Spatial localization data
::::
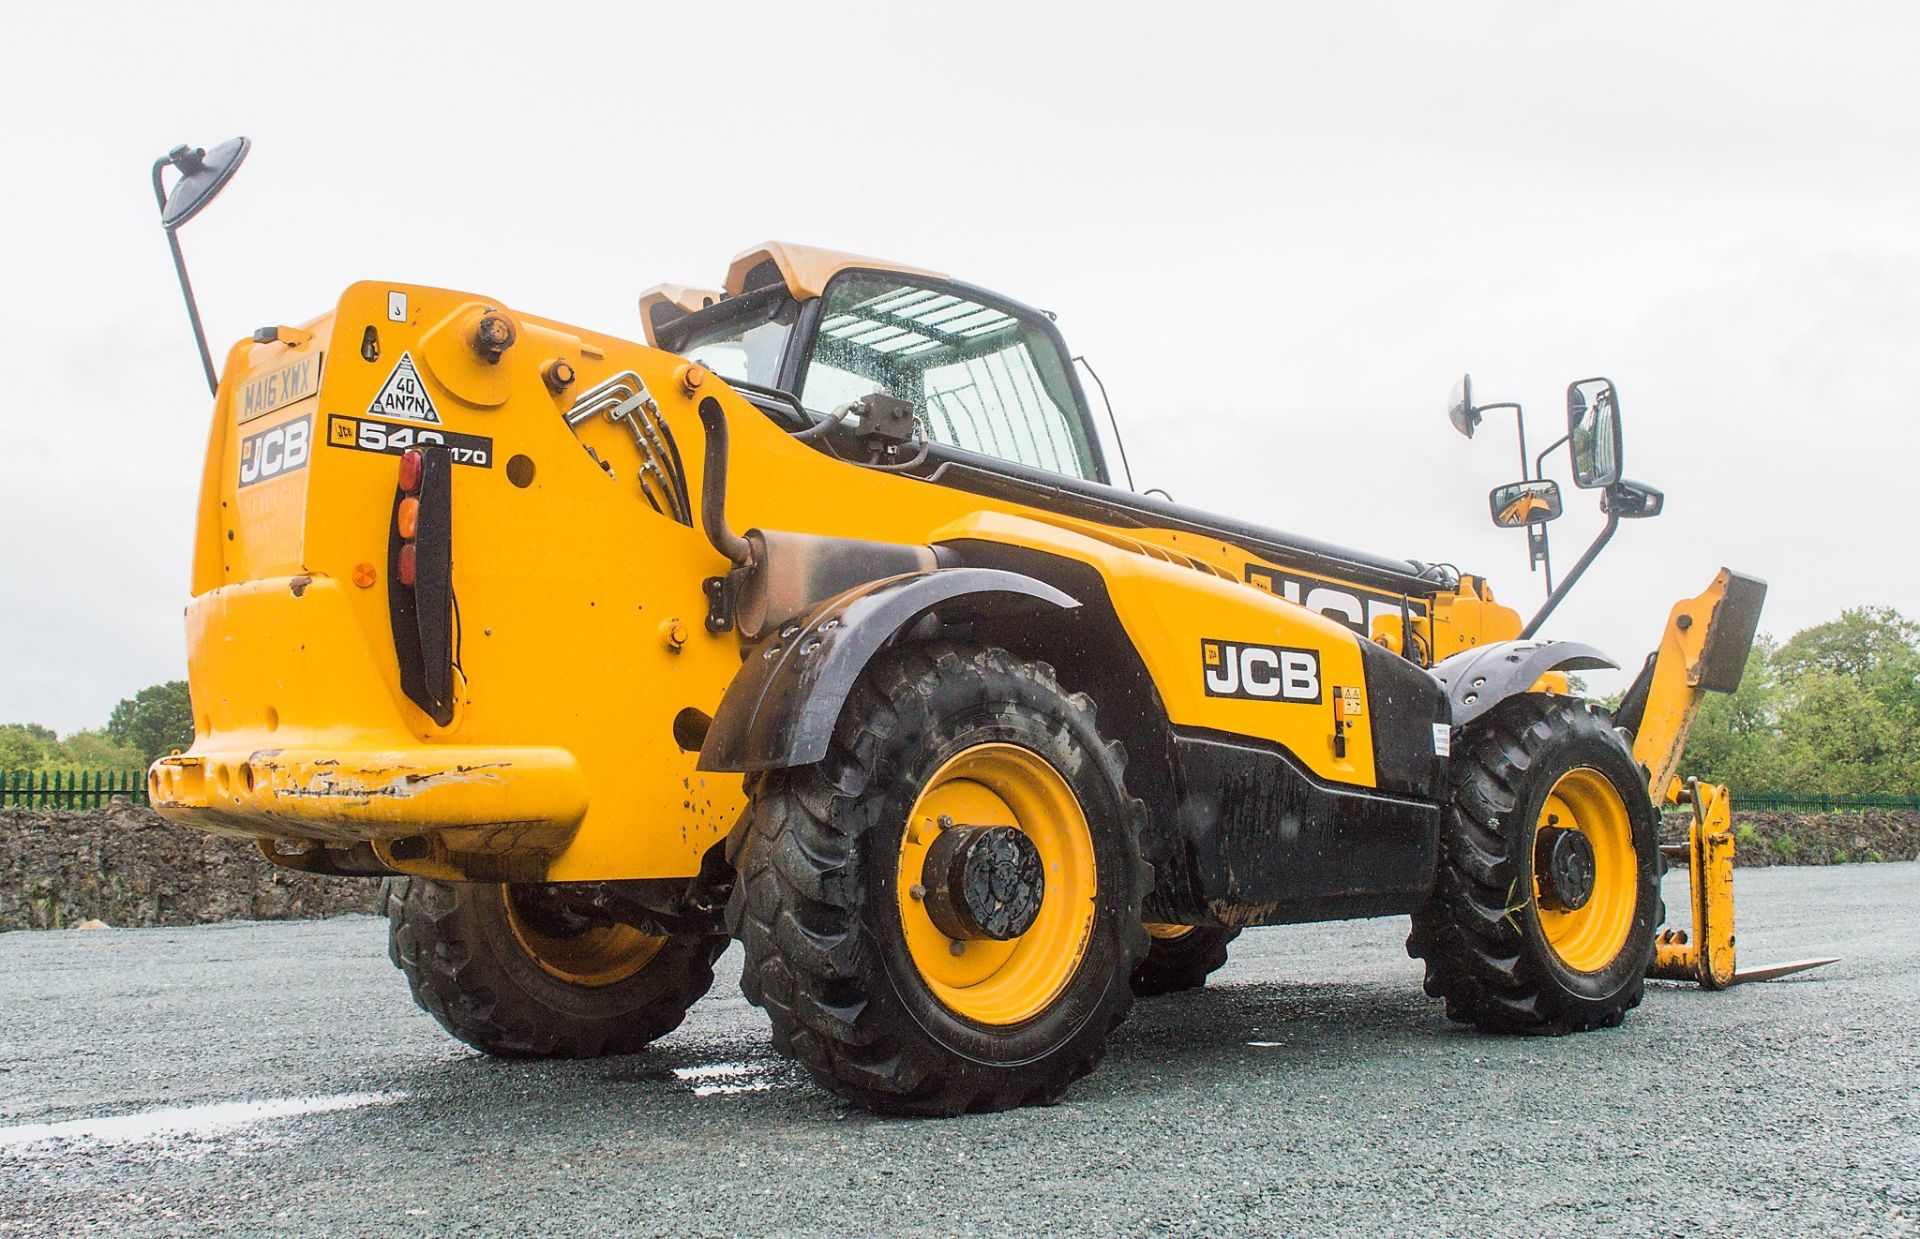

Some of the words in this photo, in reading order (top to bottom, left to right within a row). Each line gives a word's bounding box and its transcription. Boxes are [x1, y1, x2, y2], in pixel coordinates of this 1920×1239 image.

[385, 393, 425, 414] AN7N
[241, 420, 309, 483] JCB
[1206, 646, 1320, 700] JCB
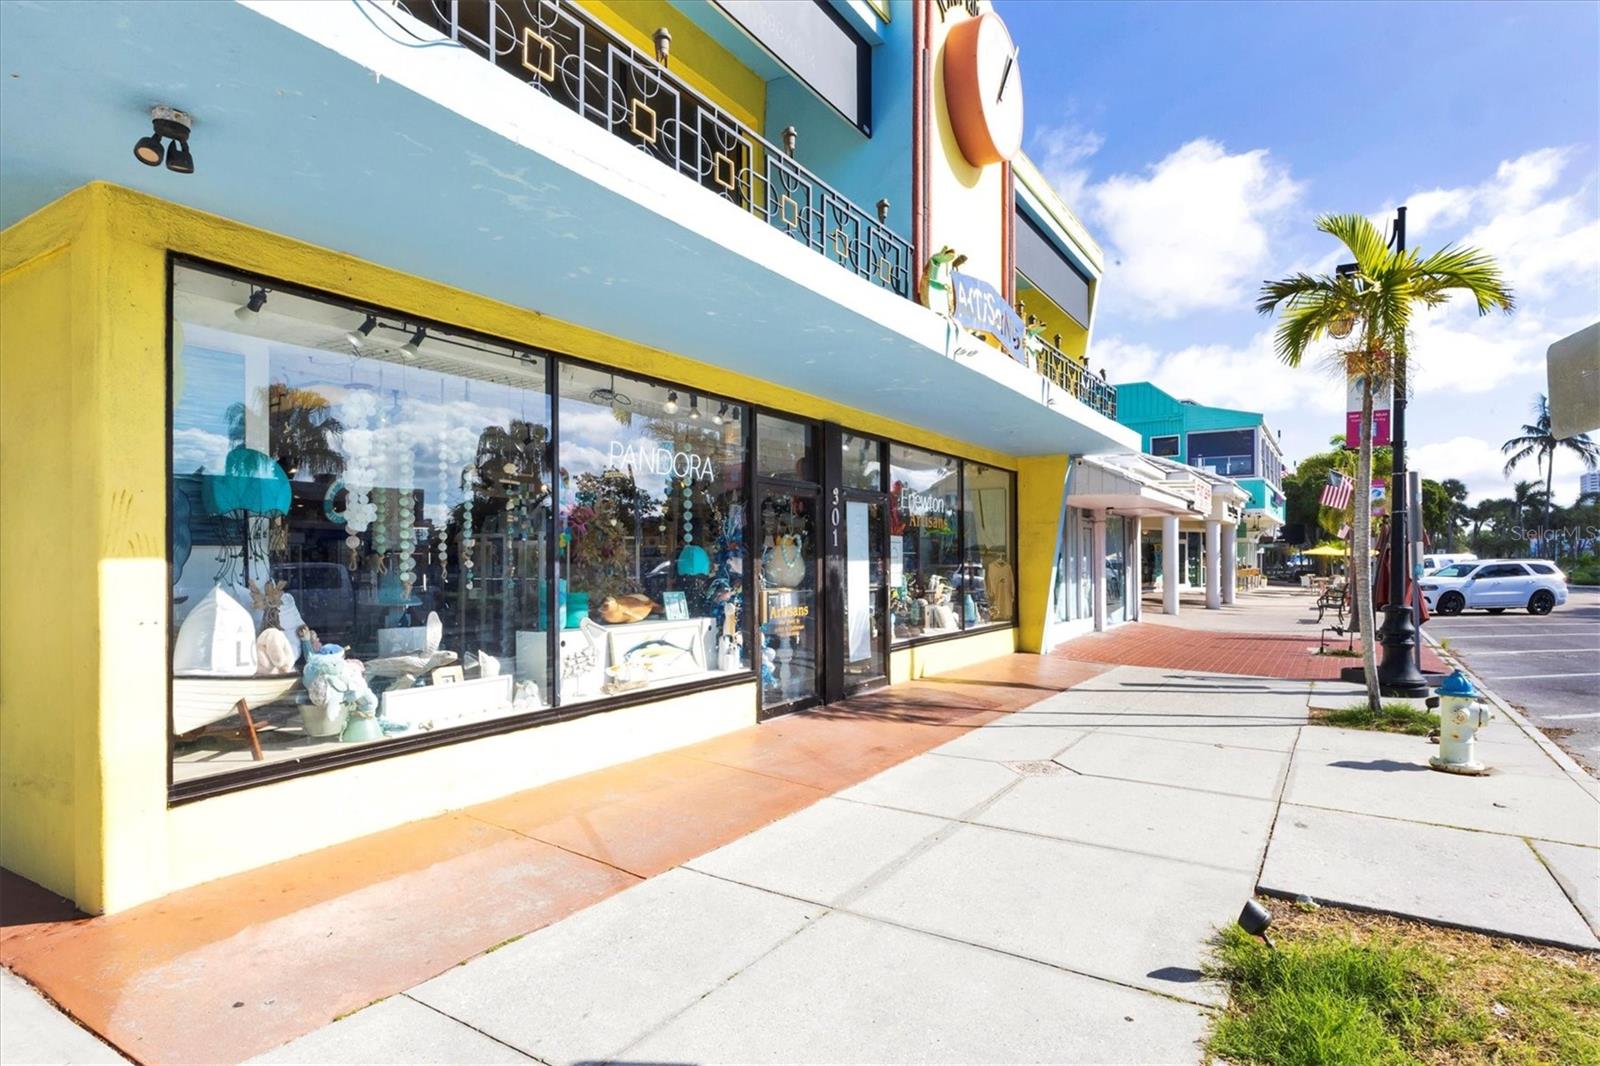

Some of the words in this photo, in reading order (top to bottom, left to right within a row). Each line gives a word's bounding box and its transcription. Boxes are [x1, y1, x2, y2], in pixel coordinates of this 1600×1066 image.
::::
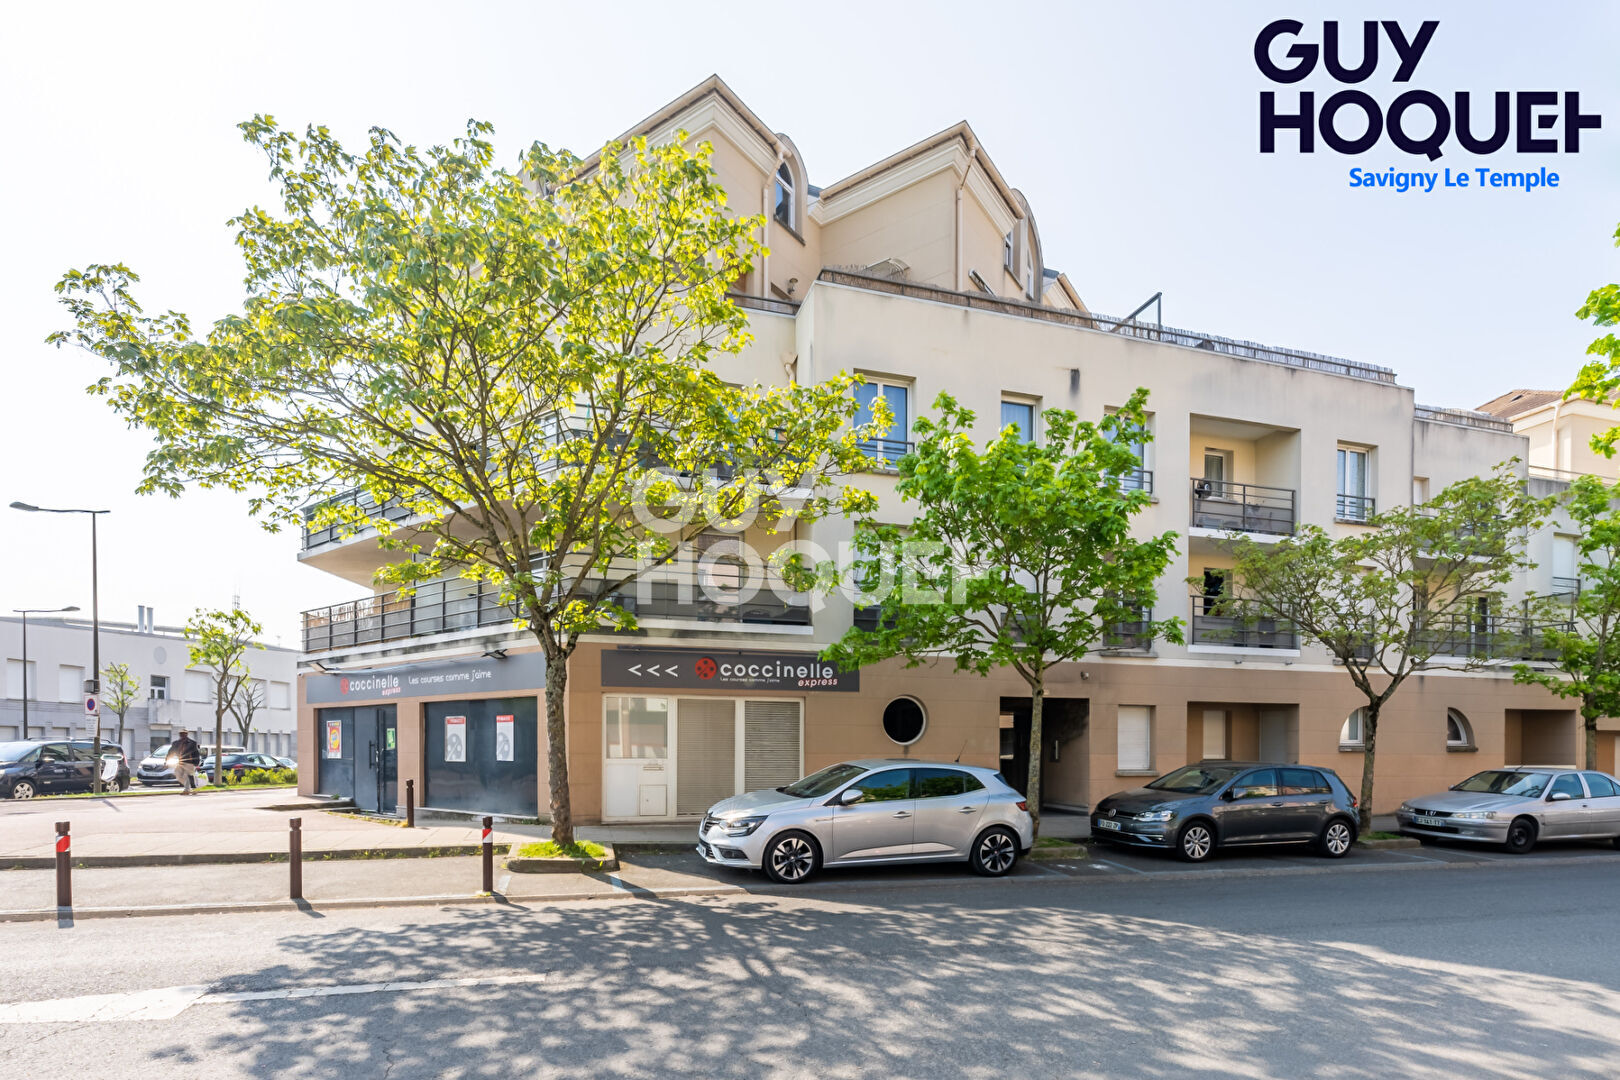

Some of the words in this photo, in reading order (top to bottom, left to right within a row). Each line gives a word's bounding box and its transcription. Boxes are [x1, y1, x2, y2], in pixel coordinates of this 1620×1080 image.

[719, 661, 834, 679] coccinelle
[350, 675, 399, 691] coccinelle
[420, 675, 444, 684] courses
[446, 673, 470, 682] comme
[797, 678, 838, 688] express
::::
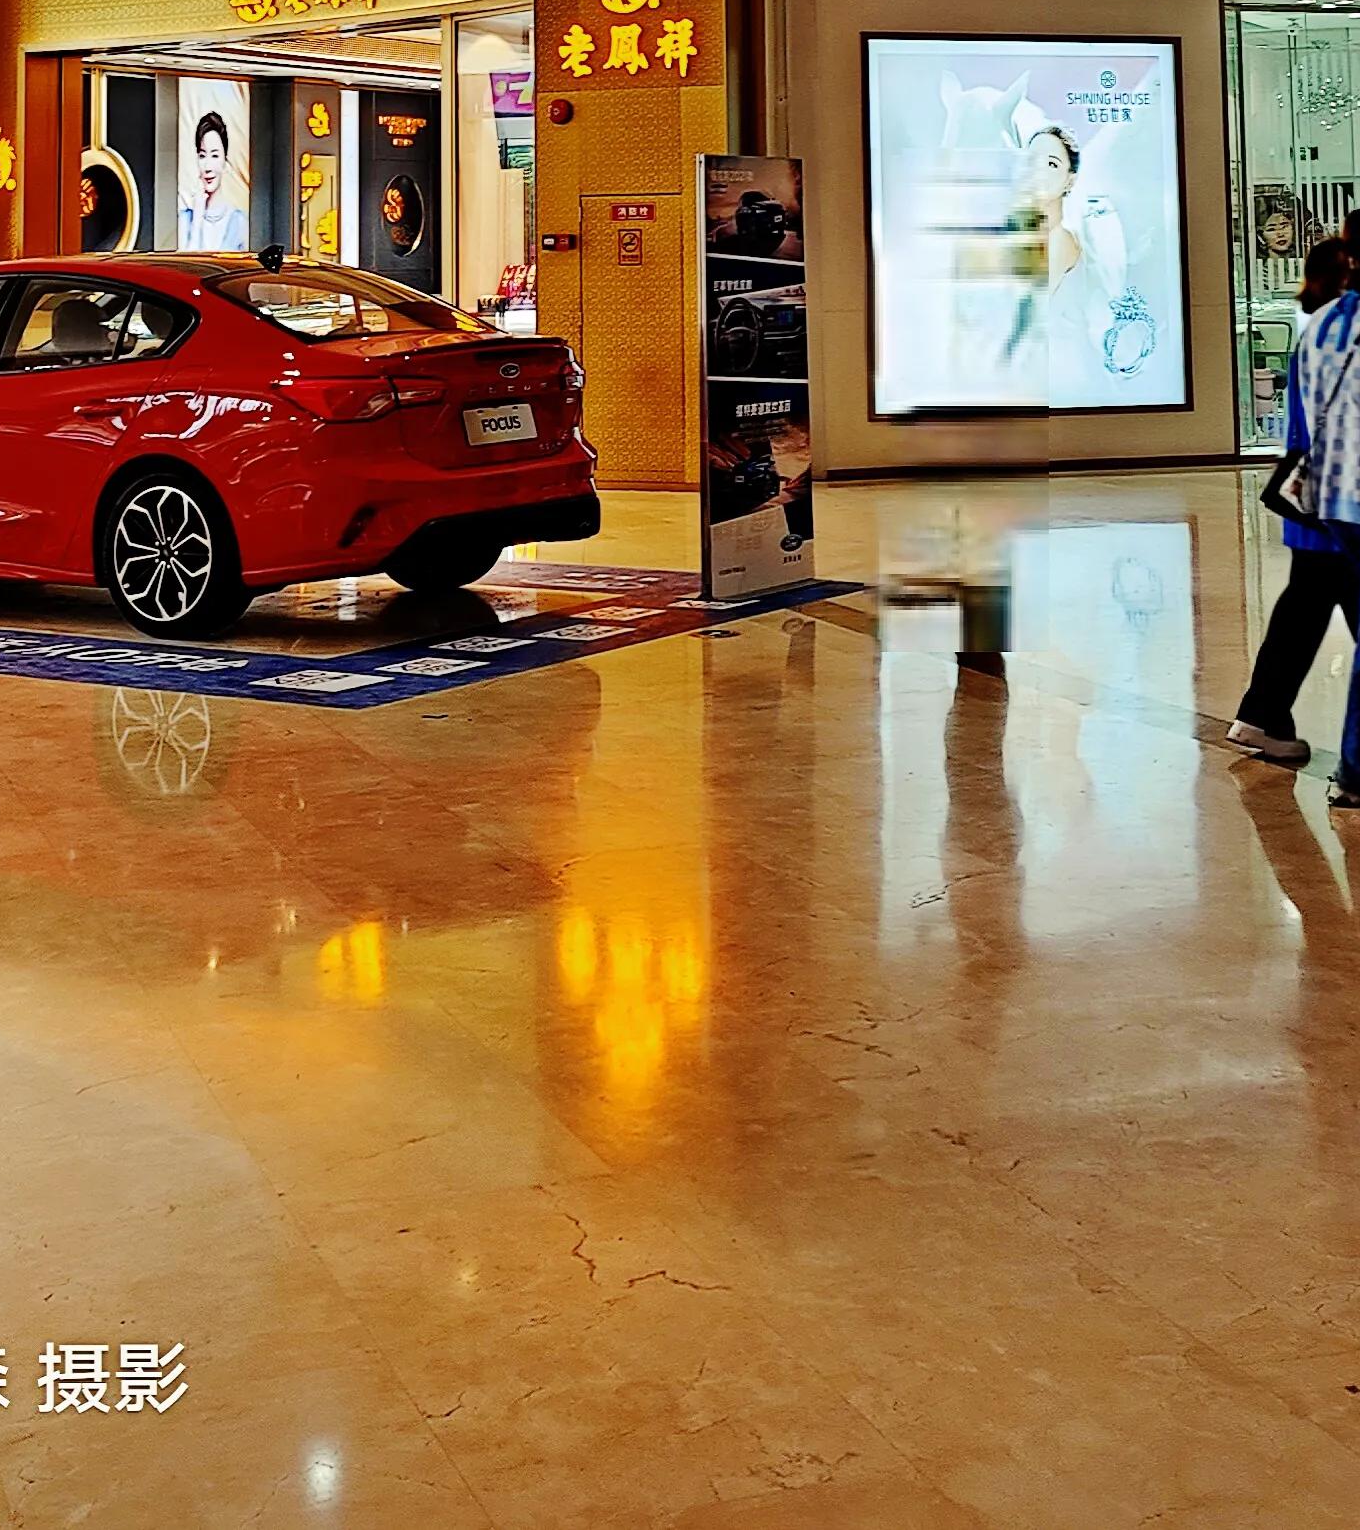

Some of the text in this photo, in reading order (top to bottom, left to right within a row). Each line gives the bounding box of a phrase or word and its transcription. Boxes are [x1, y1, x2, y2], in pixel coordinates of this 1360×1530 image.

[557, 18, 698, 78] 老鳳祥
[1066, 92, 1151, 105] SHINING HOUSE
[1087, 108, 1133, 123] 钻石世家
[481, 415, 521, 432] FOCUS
::::
● **TASK REQUIREMENTS**:
Reproduce the data above exactly, but only from the line containing "this 1920×1239 image." through the line containing "this 1600×1066 image."; skip the pictures.

● **OUTPUT**:
Some of the words in this photo, in reading order (top to bottom, left to right within a row). Each line gives a word's bounding box and its transcription. Boxes are [x1, y1, x2, y2], in pixel coordinates of this 1920×1239 image.

[385, 393, 425, 414] AN7N
[241, 420, 309, 483] JCB
[1206, 646, 1320, 700] JCB

Some of the words in this photo, in reading order (top to bottom, left to right within a row). Each line gives a word's bounding box and its transcription. Boxes are [x1, y1, x2, y2], in pixel coordinates of this 1600×1066 image.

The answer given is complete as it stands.